Are People Still Dying from Asbestos?

Despite the fact that regulations have been in place since 1971 regarding how much asbestos workers can be exposed to and what types of asbestos-containing materials (ACMs) can still be manufactured, up to 15,000 Americans are still dying from asbestos exposure each year. Not only are many workers still at risk, but many families could also still be exposed to ACMs that are within the four walls, flooring and ceiling tiles of their homes.

For this reason, familiarizing yourself with the potential risks of asbestos exposure as well as the proper way to test for and get rid of ACMs in your home, business or other structure are crucial steps in minimizing your and your family’s risk of asbestos exposure and associated health complications. Read this article for more information.

How Can I Be Exposed to Asbestos?

Asbestos becomes the most dangerous and biggest health threat when its tiny particles are dispersed into the air. Thus, any time you disturb asbestos-containing materials that might already be in your home during a renovation, for example, you and your family could be at risk for inhaling the harmful particles. This is why calling in professional asbestos testing and asbestos abatement teams are an important first step before starting any major demolition or renovation project yourself.

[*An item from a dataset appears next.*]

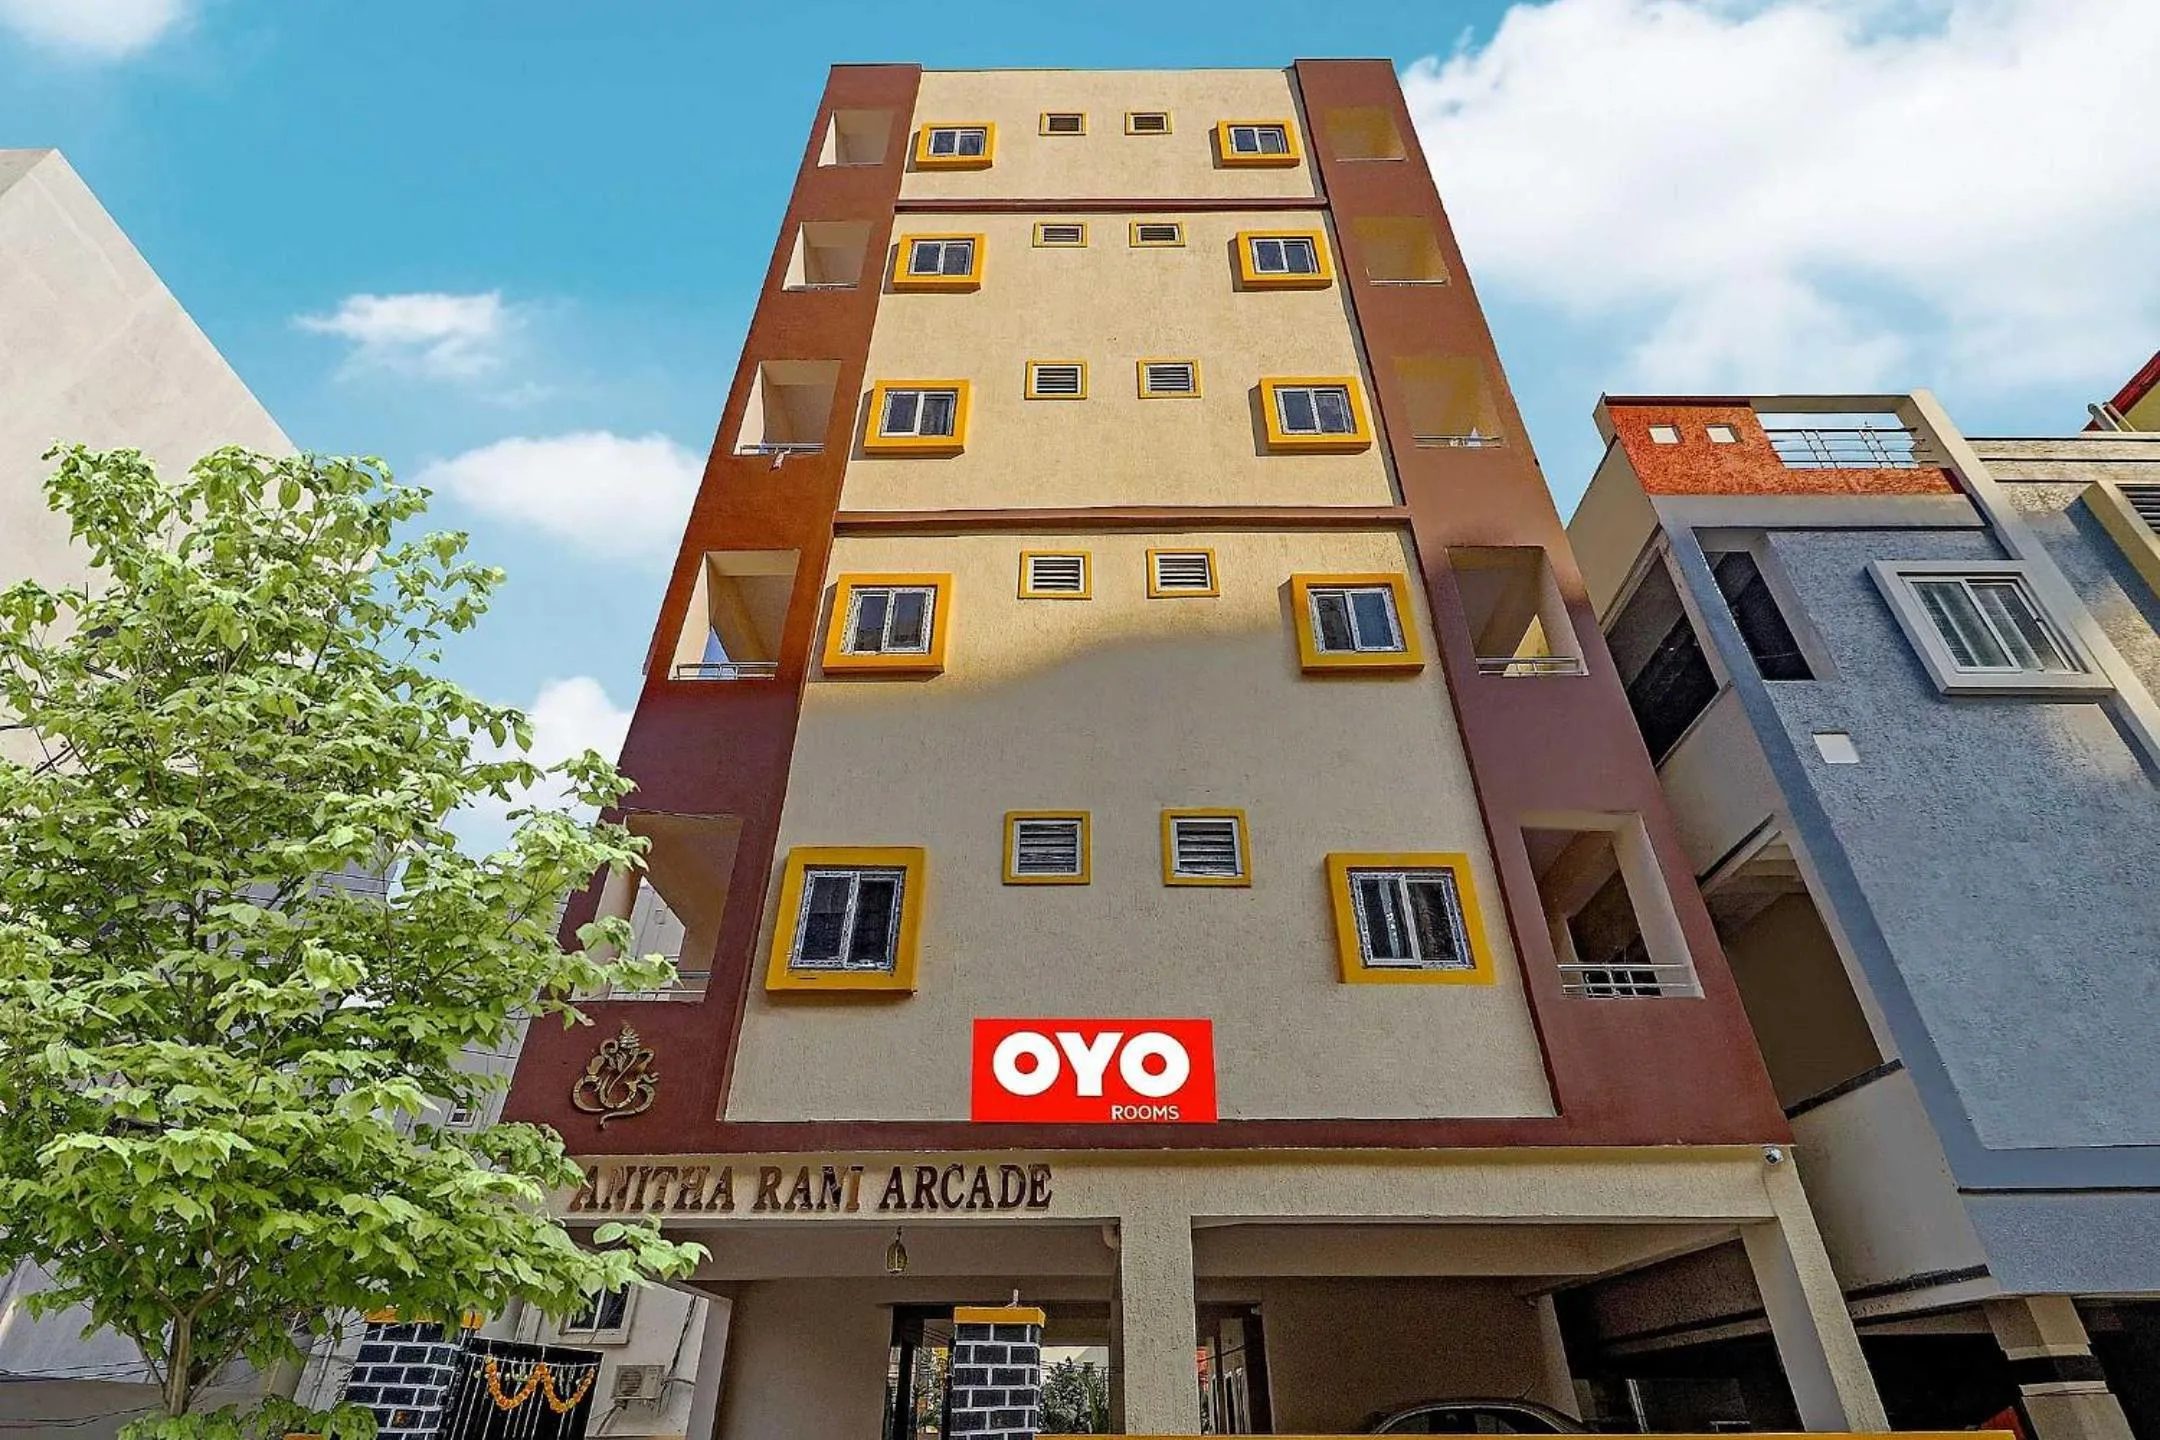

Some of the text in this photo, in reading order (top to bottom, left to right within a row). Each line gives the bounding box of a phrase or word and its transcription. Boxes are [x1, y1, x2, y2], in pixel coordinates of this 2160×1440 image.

[992, 1031, 1191, 1097] OYO
[1111, 1105, 1180, 1120] ROOMS
[568, 1163, 1053, 1212] ANITHA RANI ARCADE

Additionally, many workers are still being exposed to asbestos on a regular basis, especially those who work with older structures and building materials. Some of the highest-risk occupations for health problems associated with asbestos include:

  • Construction workers
  • Electricians
  • Plumbers
  • Mechanics
  • Teachers

What Are the Health Effects of Asbestos?

A specific type of lung cancer called mesothelioma remains the leading cause of asbestos-related deaths, and has accounted for more than 45,000 deaths in the United States between 1999 and 2015.  The first signs of mesothelioma can take years or even decades to develop, which is why this disease is more commonly seen among people over 85.

However, there continue to be cases of people as young as 35 who are beginning to show signs of the negative effects of asbestos, which means that people today are still being exposed to this dangerous substance. In fact, children are at the greatest risk for developing asbestos-related health issues later in life, as their lungs and respiratory systems are still developing.

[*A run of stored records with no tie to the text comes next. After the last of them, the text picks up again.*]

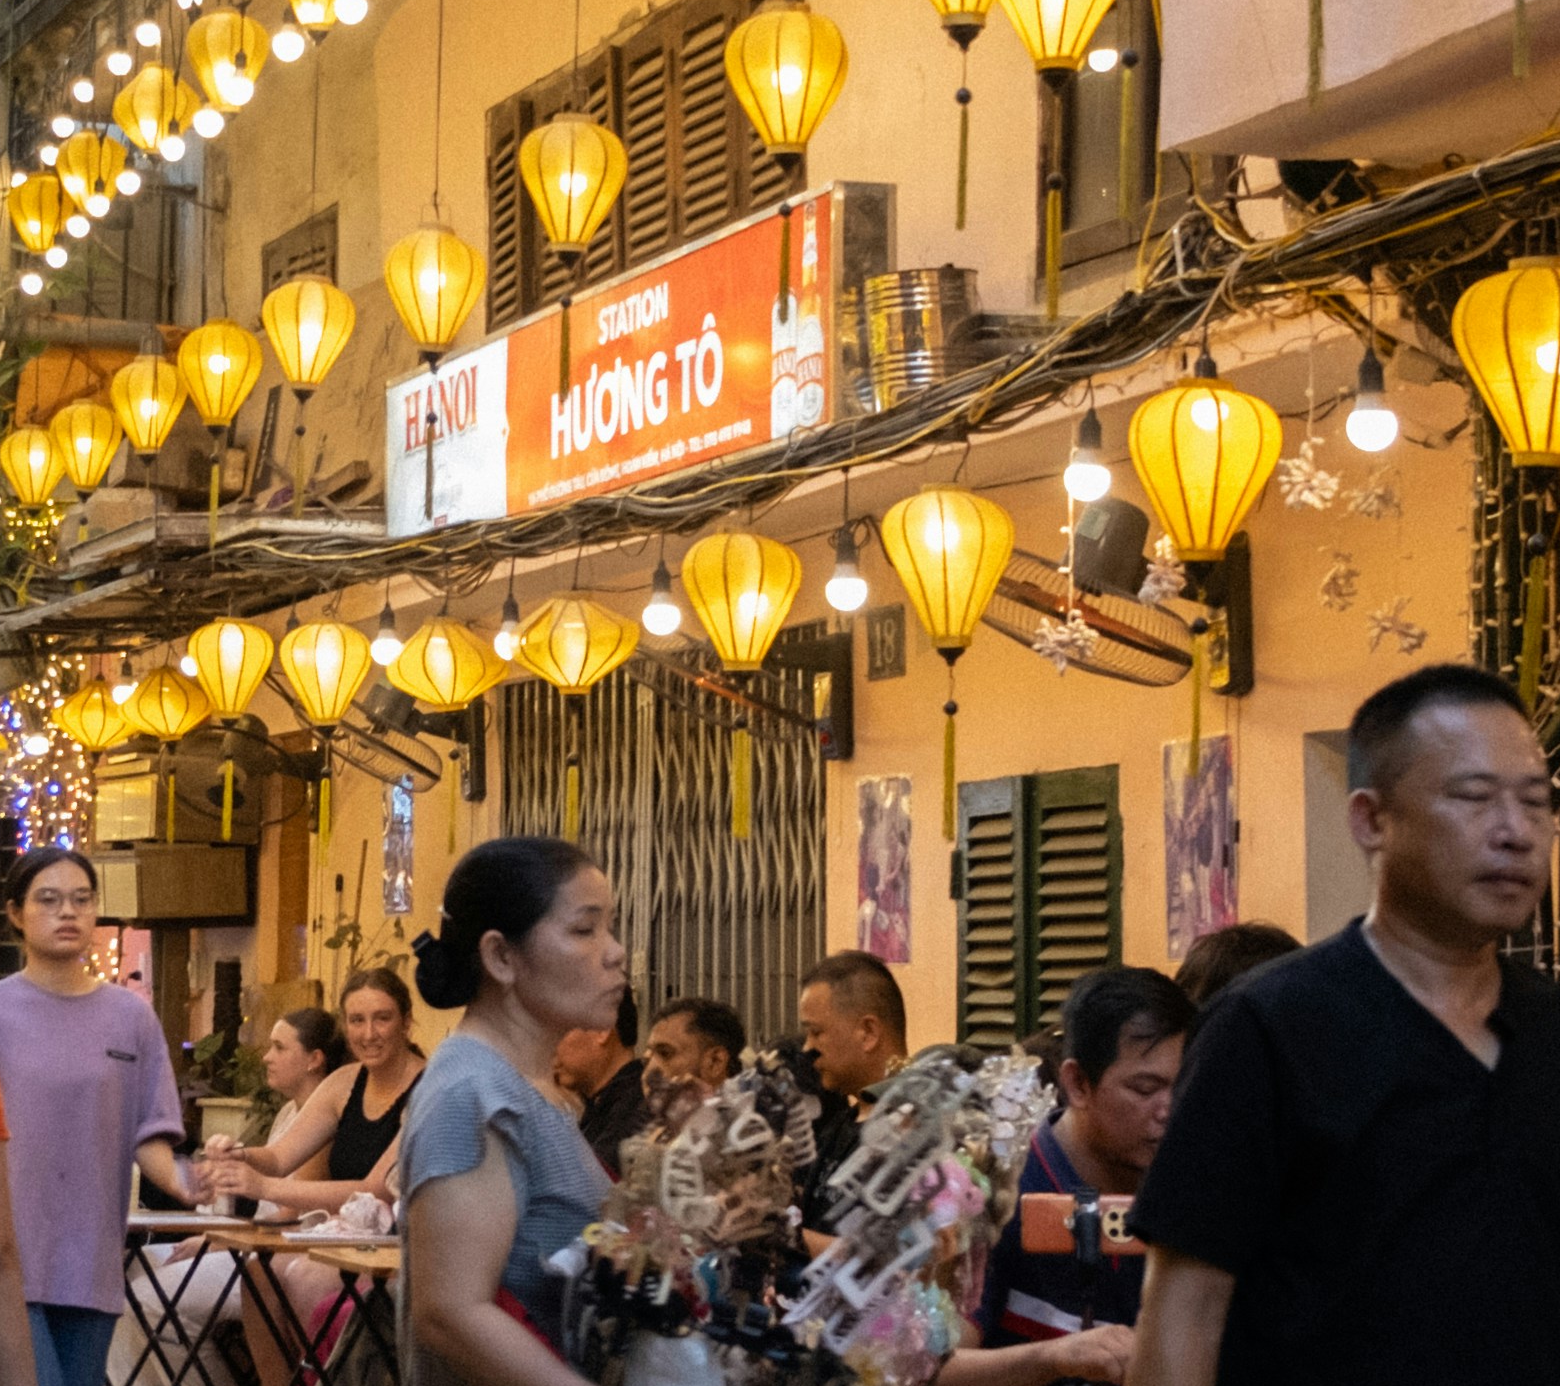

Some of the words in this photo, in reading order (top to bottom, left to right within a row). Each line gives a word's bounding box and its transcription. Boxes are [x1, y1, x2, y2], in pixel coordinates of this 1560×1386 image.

[598, 282, 669, 346] STATION
[404, 365, 479, 453] HANOI
[551, 352, 669, 460] HƯƠNG
[675, 312, 724, 414] TÔ
[875, 619, 896, 668] 18

In addition to mesothelioma and other types of lung cancers, asbestos can negatively affect your health in many ways, including:

  • The formation of plaques in the lining of the lungs
  • A condition known as “folded lung”
  • Increased risk of developing laryngitis
  • Reduced immune system function

IRIS Environmental Laboratories

The bottom line is that many people don’t realize that asbestos is not a thing of the past—it remains a very real public health threat today. If special care is not taken when working with or around ACMs, you could risk developing related health complications down the road.

If you’re about to start a home renovation project or are concerned about ACMs in the workplace and the safety of your employees, start by having the space tested for asbestos by a certified environmental testing laboratory. Then, if asbestos is found, hire a team of asbestos abatement professionals to properly handle and remove it from your home or other building.

Still have questions about the effects of asbestos or how to initiate the asbestos testing process? Please feel free to send us a message, or give us a call at (908) 206-0073.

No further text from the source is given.